Fifth grade was supposed to be easy. Childhood was supposed to be soft.
But for Arya, her enemy wasn't a bully—it was her own reflection.
She was beautiful, and that was the problem.
It wasn't the boys who turned first—it was the girls.
Especially her best friend.
It started with a crush. Her friend liked a boy. But he—he liked Arya. She never asked for it. Never encouraged it. But her friend didn't care.
The betrayal was swift, cruel, and cold.
Rumors sprouted like weeds.
"Flirt."
"Attention-seeker."
"Fake."
"Stealing boys."
She tried to explain. To defend herself. She went to the teachers, even to the principal.
They listened, nodded, smiled gently—and did nothing.
Arya (thinking):
Why do adults only act when there's blood?
Words cut too. Why does no one see that?
In the hallways, eyes followed her like whispers.
In classrooms, silence was louder than slurs.
In her heart, something small and soft began to rot.
By the end of the year, she was done.
She didn't wait for the rumors to die.
She ran—transferred schools in sixth grade.
But the world didn't change. Only the buildings did.
Two years later, she left that school too.
By eighth grade, her smile had thinned. She had learned to wear silence like armor.
Then came the boy from her hometown.
He messaged her out of nowhere—said he remembered her, that he always wanted to talk.
She said okay. Talking was harmless, right?
He asked her to meet in town. Public. Safe. Familiar streets.
They walked, talked. He laughed a lot. She smiled out of politeness.
Then—his voice dropped. His steps slowed. His eyes changed.
She didn't even see the moment the monster replaced the boy.
He grabbed her wrist. Pulled her in.
She screamed. Loud.
Thank god someone heard.
Shouting. Running feet. A hand pulled the boy off.
Blood on her elbow. Her voice cracking.
Terror carved into her memory with a serrated edge.
Arya (thinking):
I trusted him because he knew my name. That was my mistake.
No more names. No more boys. No more trust.
Her parents didn't know the whole story.
No one ever did.
She kept it like a secret scar under her skin—visible only in the way she flinched when someone walked too close behind her.
Then came Shiva.
A new school. A new city. A fresh start, again.
She didn't expect much. Just wanted to survive.
He didn't approach her at first. Observed from a distance—serious, unreadable.
But eventually, he smiled. She smiled back.
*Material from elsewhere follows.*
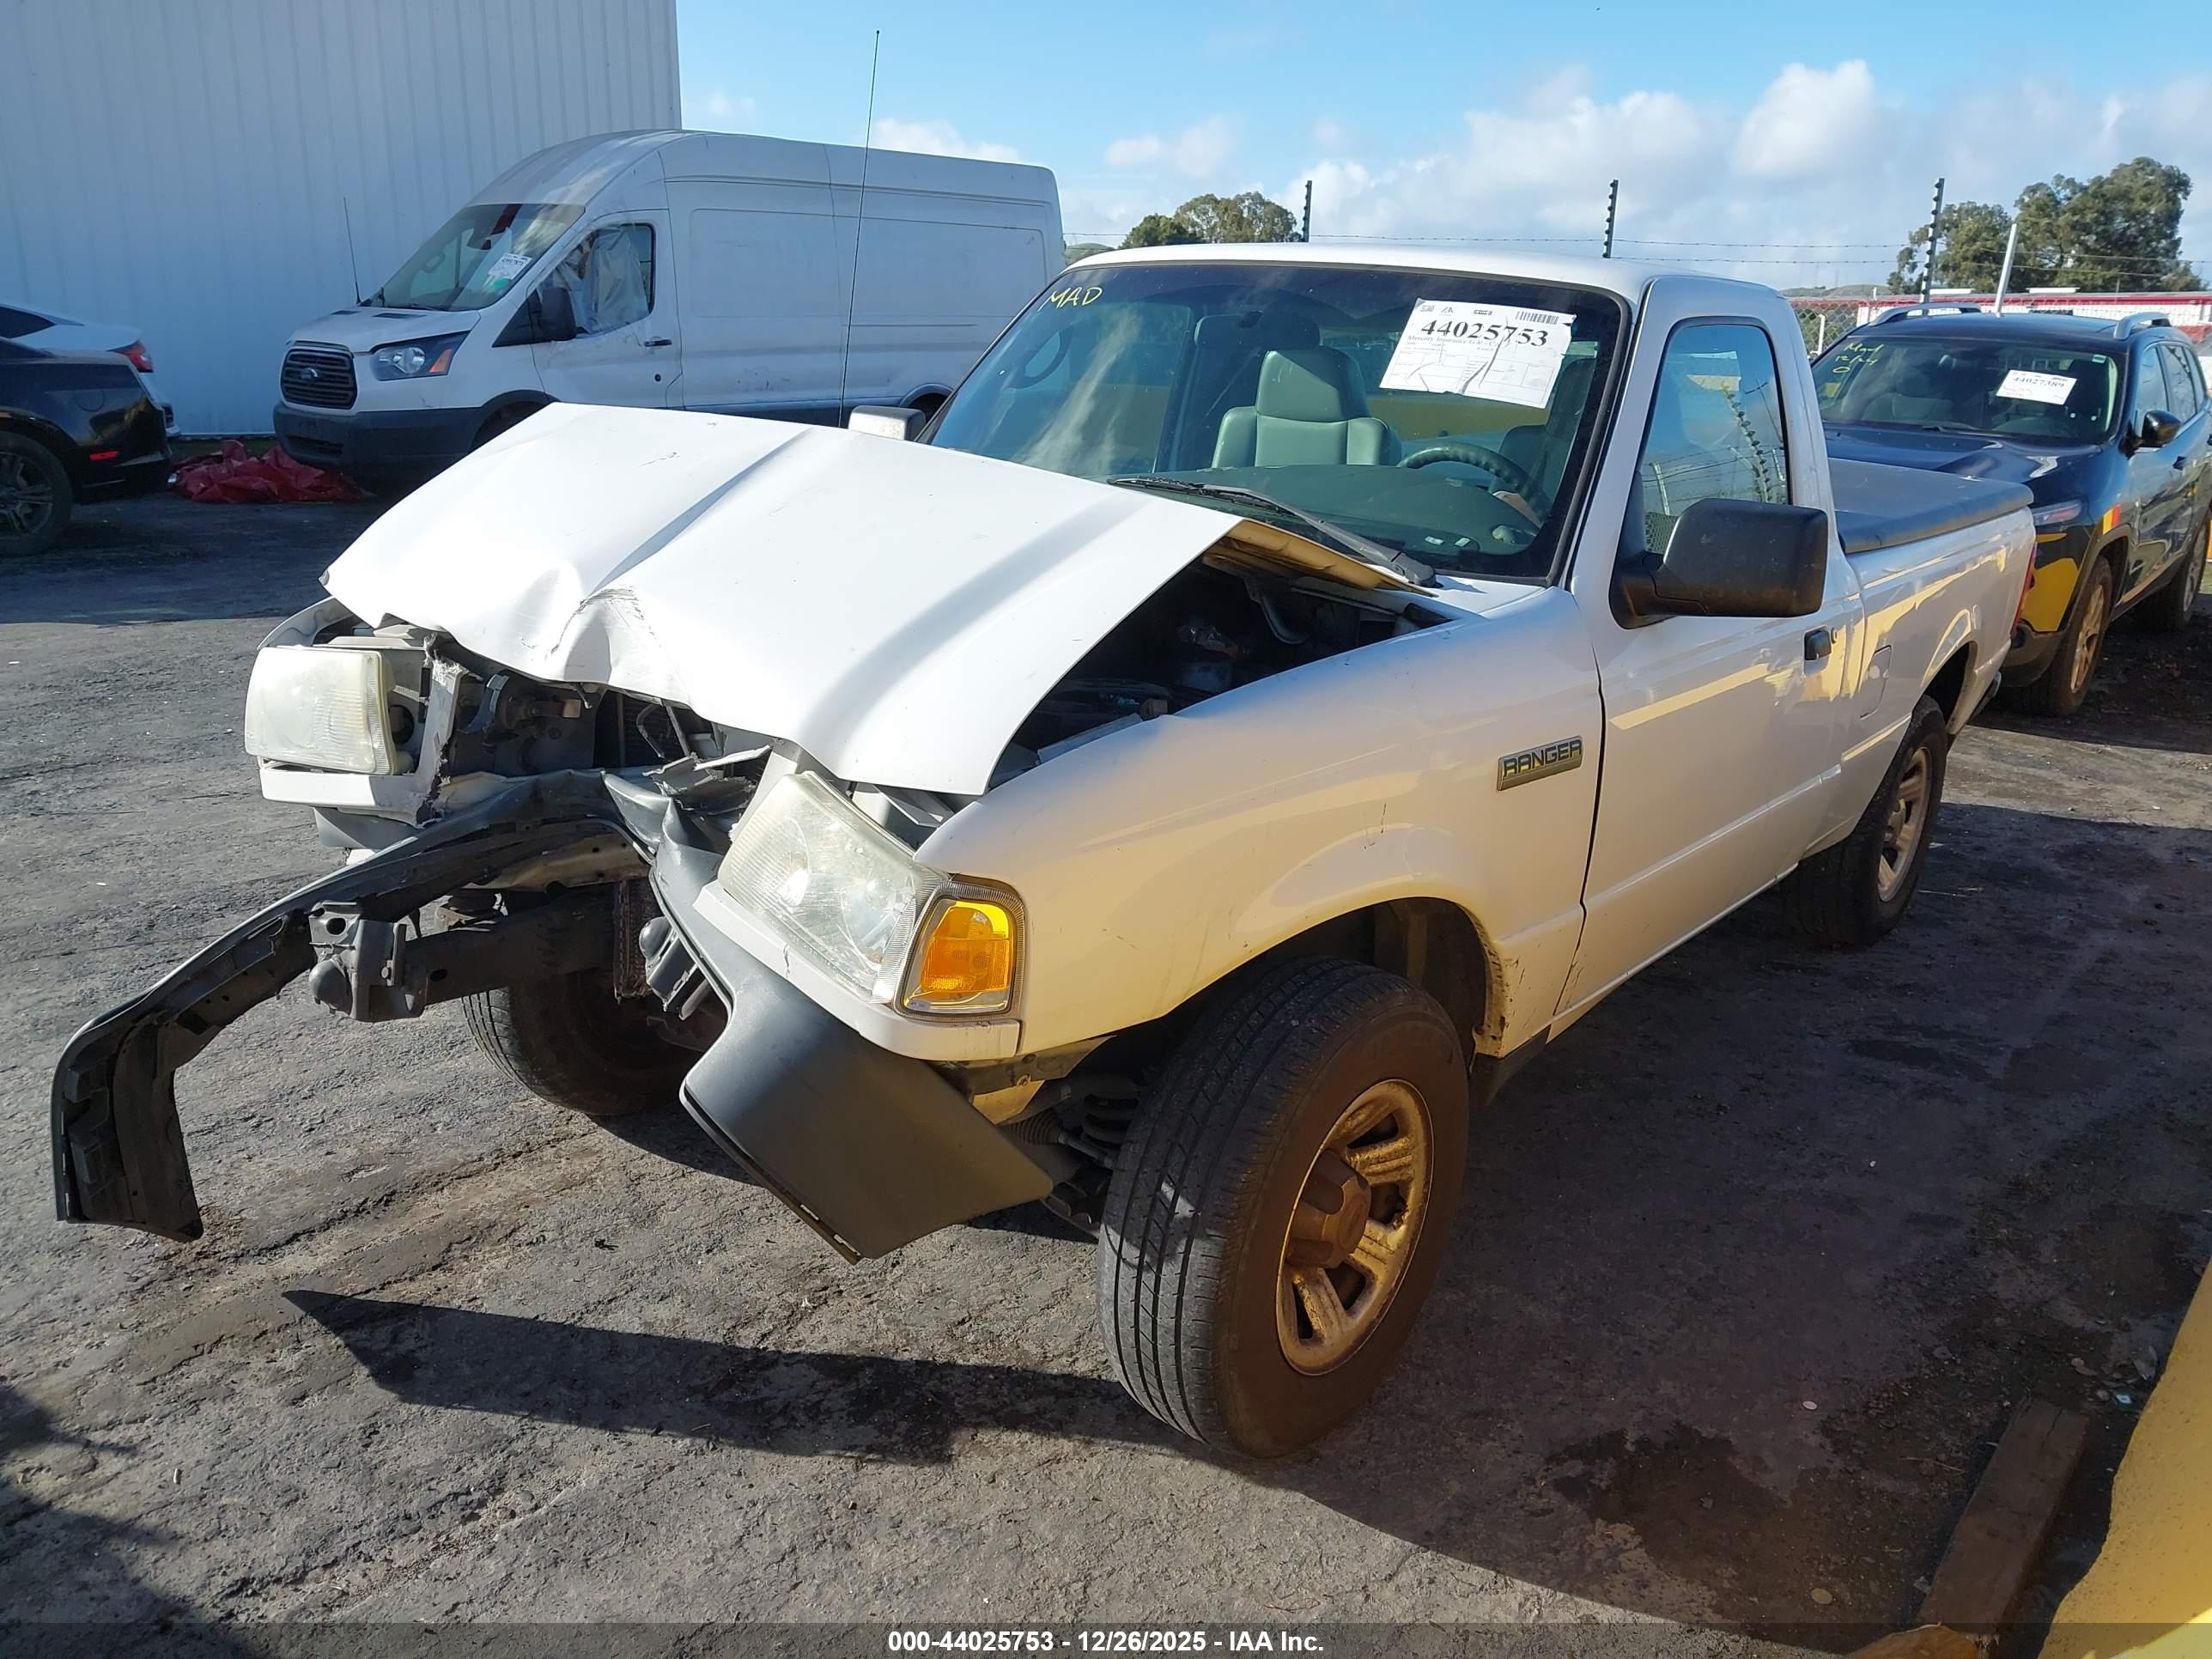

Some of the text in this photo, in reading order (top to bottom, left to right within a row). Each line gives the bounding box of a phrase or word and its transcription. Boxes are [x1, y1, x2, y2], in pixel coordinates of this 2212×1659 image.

Jokes turned to conversations.
Casual nods became warm familiarity.
It wasn't love. Not yet.
But it was safe. And for Arya, that meant everything.
What Shiva didn't know, though, was that he was the only one who never treated her like a prize or a problem.
Shiva (thinking, from that time):
She's different. Quiet but not timid. I like that.
But I shouldn't get involved. It's complicated. People talk. I don't want her to become a target because of me.
But the rumors didn't need him. They already had her name.
Some boy claimed he was dating her. He'd never even spoken to her.
Others joined in.
"She's easy."
"She's into everyone."
"A slut."
Boys she didn't know twisted DMs to show off.
Screenshots shared. Stories spun.
Arya (thinking):
I thought I was done running. I was wrong.
Even silence isn't safe anymore.
She started disappearing again—skipping days, deleting apps.
By tenth grade, she was gone.
But before she vanished completely, she and Shiva kept talking—online now.
Late-night texts. Thoughtful replies. Shared silences.
She told him everything. Not all at once, but piece by piece.
About the rumors. The names.
Even about the attempts.
He didn't judge. Didn't flinch.
Shiva (thinking):
I've seen pain. But hers… hers is layered.
No one should carry that alone.
Then, he told her the truth.
He liked her.
Not because of her beauty. Not because of her tragedy.
But because of who she was when she let him see her.
She hesitated. Then she said no.
Not because she didn't feel the same.
But because accepting it would confirm every label they'd ever slapped on her.
Arya (thinking):
I like him. But if I say yes, they'll say I was always like this. That I proved them right.
I can't do that. I can't become what they think I am.
Even if it means losing the only person who ever saw me.
They didn't fight. Didn't cry.
They just… stopped talking.
Shiva checked her status sometimes. She stayed online, but never replied.
He'd see her once in a while—her house not far from his.
Just for a second. A glimpse. And it would be enough to ruin his whole day—and yet somehow save it too.
And now, after years—after all of that—she was back.
Laughing beside him in a theatre.
Sitting with him at a mini-park in a mall.
He saw her. And he saw everything she was hiding.
And she? She saw him too. Not just who he was now.
But who he had been. And who he might still be.
Arya (thinking):
I was doing so well. I had buried it all. Now it's all coming back.
Him. The rumors. The fear.
I can't go through it again.
Shiva (thinking):
I don't deserve her. Not after what I did to get here. Not with the money I spent today. Not with the life I've built.
But god… just sitting next to her felt like breathing again.